Cari Taylor-Carlson

It’s Not Just for Pizza, Man

Pizza Man offers far-ranging menu, incredible wine list, good food -- and a very cool space.

By - Dec 3rd, 2018 02:10 pm
Downer Avenue Week
Pizza Man. Photo from the City of Milwaukee.

Pizza Man. Photo from the City of Milwaukee.

In 2000 I wrote in my book Milwaukee’s Best Cheap Eats (out of print) “Sometimes good food shows up in unexpected places.” At the time, people associated Pizza Man with pizza and nothing else, not pasta, ribs, or Caesar Salad tossed with house-made garlic anchovy dressing. And clearly that hasn’t changed for some. Recently, when I asked a friend what she knew about Pizza Man, she replied, “It’s a fast food pizza place, isn’t it?”

Let’s get the record straight. I’ve been a customer since 1972, two years after Mike Amidzich opened at the corner of Oakland and North. For 38 years I drank good wine at the bar and dined well, but never thought to order pizza. I was there for things like Fettucine Alfredo, butter-soaked garlic bread topped with crusty mozzarella, and escargot, swimming in a puddle of garlic buttered crumbs. A friend and I often shared an order of escargot, split a Caesar salad, and called it a meal. We shared that meal with a bottle of wine on the tiny candlelit patio behind the restaurant.

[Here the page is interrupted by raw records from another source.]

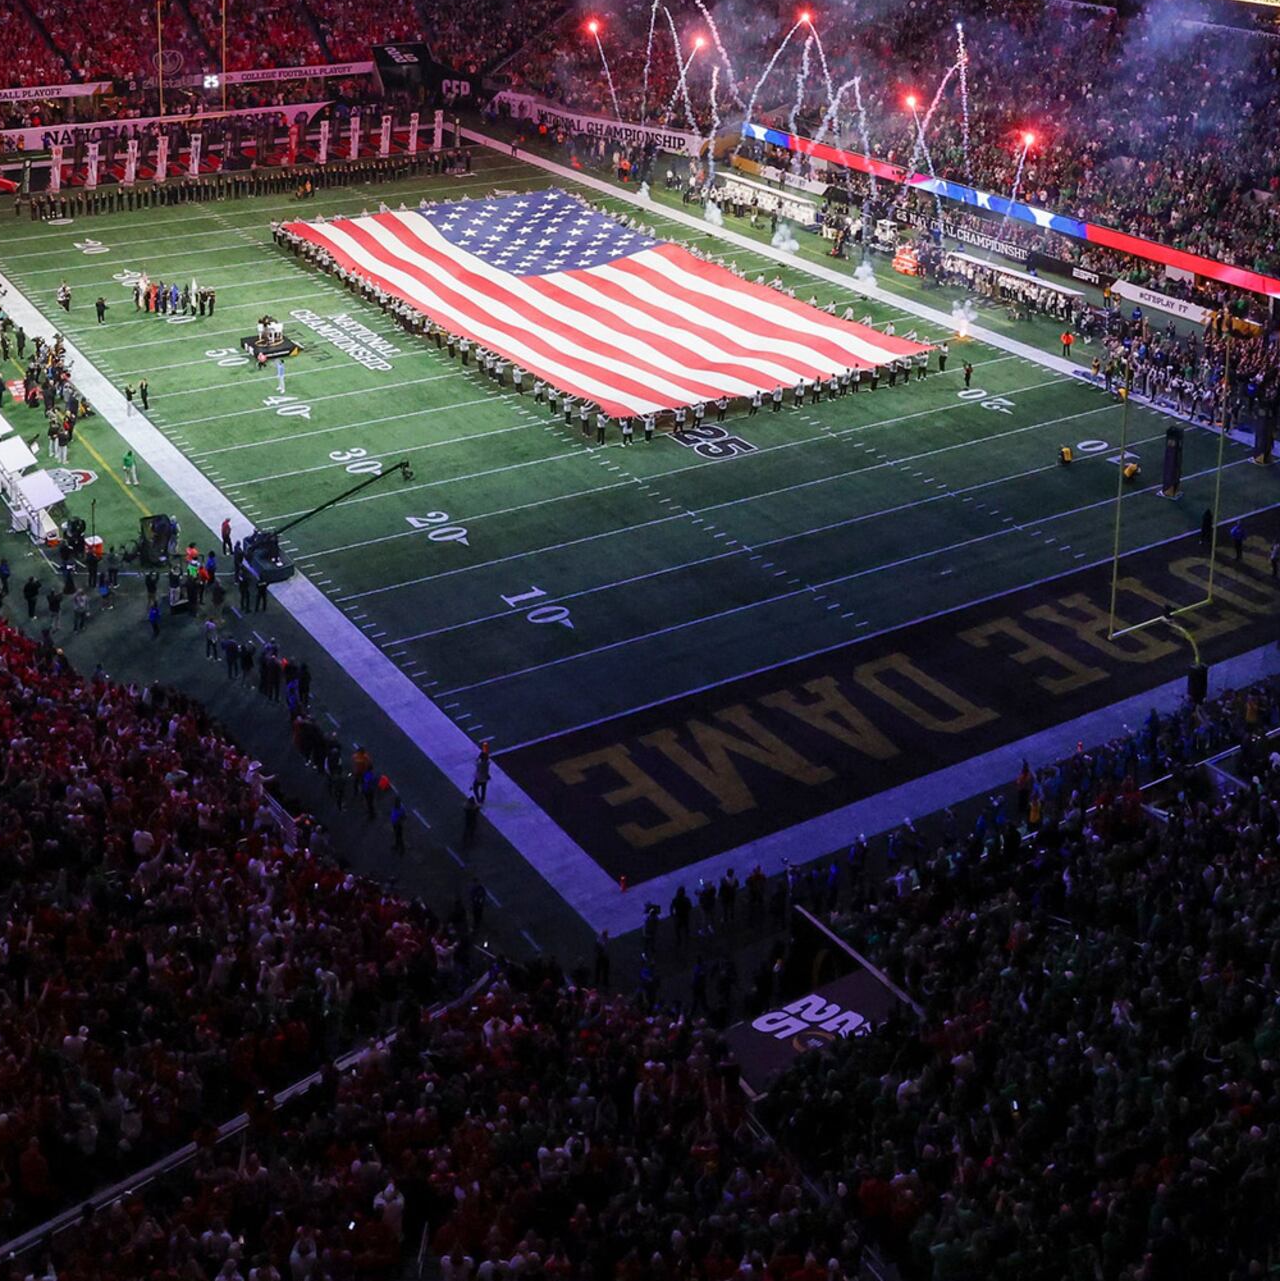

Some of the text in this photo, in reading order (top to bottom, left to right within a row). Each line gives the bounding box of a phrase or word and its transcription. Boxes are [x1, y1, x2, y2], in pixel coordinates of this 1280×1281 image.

[204, 75, 219, 89] 25
[241, 66, 352, 81] COLLEGE FOOTBALL PLAYOFF
[21, 88, 62, 99] PLAYOFF
[440, 79, 471, 97] CFP
[586, 121, 686, 151] CHAMPIONSHIP
[1073, 267, 1100, 284] ESPN
[290, 308, 394, 371] CHAMPIONSHIP
[326, 313, 402, 358] NATIONAL
[205, 347, 250, 368] 50
[262, 395, 312, 420] 40
[957, 388, 1017, 415] 20
[665, 424, 759, 460] 25
[328, 446, 383, 476] 30
[405, 510, 470, 547] 20
[500, 584, 575, 630] 10
[551, 651, 1001, 850] DAME

When we could, we preferred to dine al fresco, because inside the small dimly lit dining room, the wooden booths were not the epitome of comfort, though they did force us to sit up straight.

On January 20, 2010, Milwaukee woke up to the sad news that our beloved Pizza Man had burned to the ground. All that old wood must have been easy tinder for the fire that obliviated the restaurant.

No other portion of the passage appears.